[Saved entries]
"""

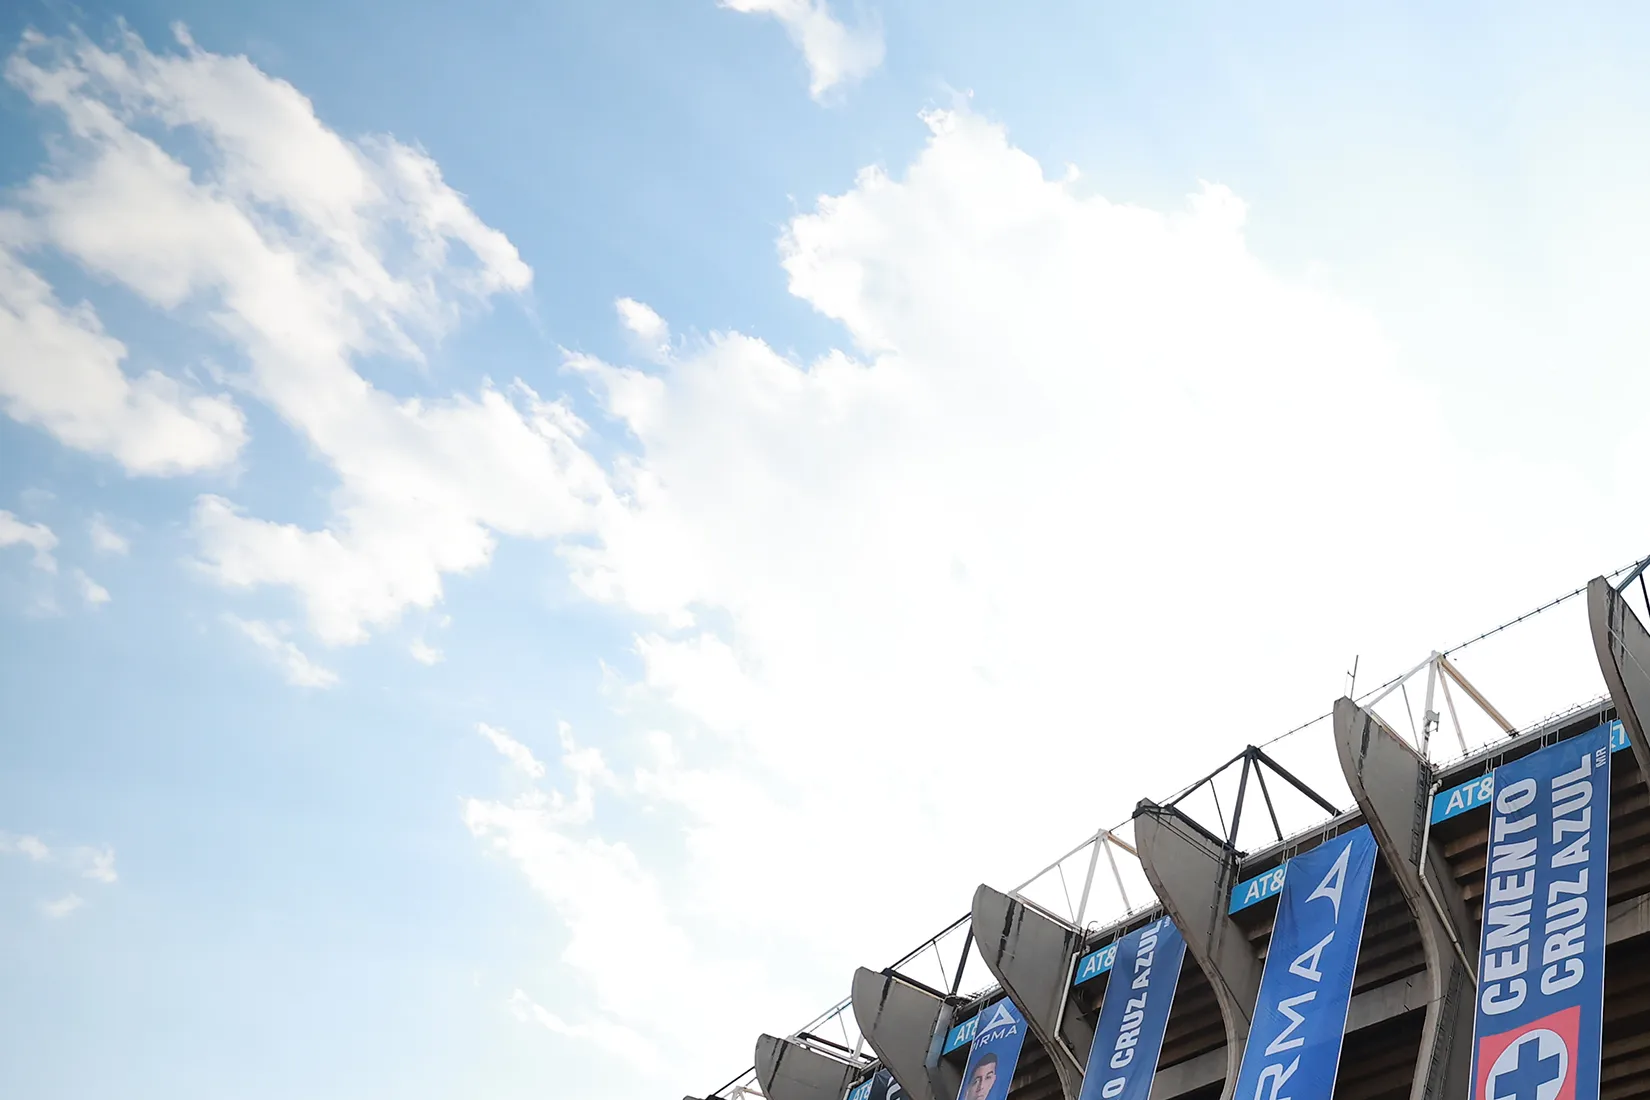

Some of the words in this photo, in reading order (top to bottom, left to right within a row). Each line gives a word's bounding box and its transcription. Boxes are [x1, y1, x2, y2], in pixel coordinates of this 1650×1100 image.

[1445, 777, 1493, 815] AT&
[1550, 753, 1593, 869] AZUL
[1244, 867, 1285, 904] AT&
[1481, 777, 1538, 1016] CEMENTO
[1540, 860, 1589, 996] CRUZ
[1083, 943, 1116, 978] AT&
[1109, 991, 1147, 1070] CRUZ
[1134, 920, 1163, 989] AZUL

"""

Could the entries above be returned verbatim, with no pictures included?

Response below:
Some of the words in this photo, in reading order (top to bottom, left to right within a row). Each line gives a word's bounding box and its transcription. Boxes are [x1, y1, x2, y2], in pixel coordinates of this 1650×1100 image.

[1445, 777, 1493, 815] AT&
[1550, 753, 1593, 869] AZUL
[1244, 867, 1285, 904] AT&
[1481, 777, 1538, 1016] CEMENTO
[1540, 860, 1589, 996] CRUZ
[1083, 943, 1116, 978] AT&
[1109, 991, 1147, 1070] CRUZ
[1134, 920, 1163, 989] AZUL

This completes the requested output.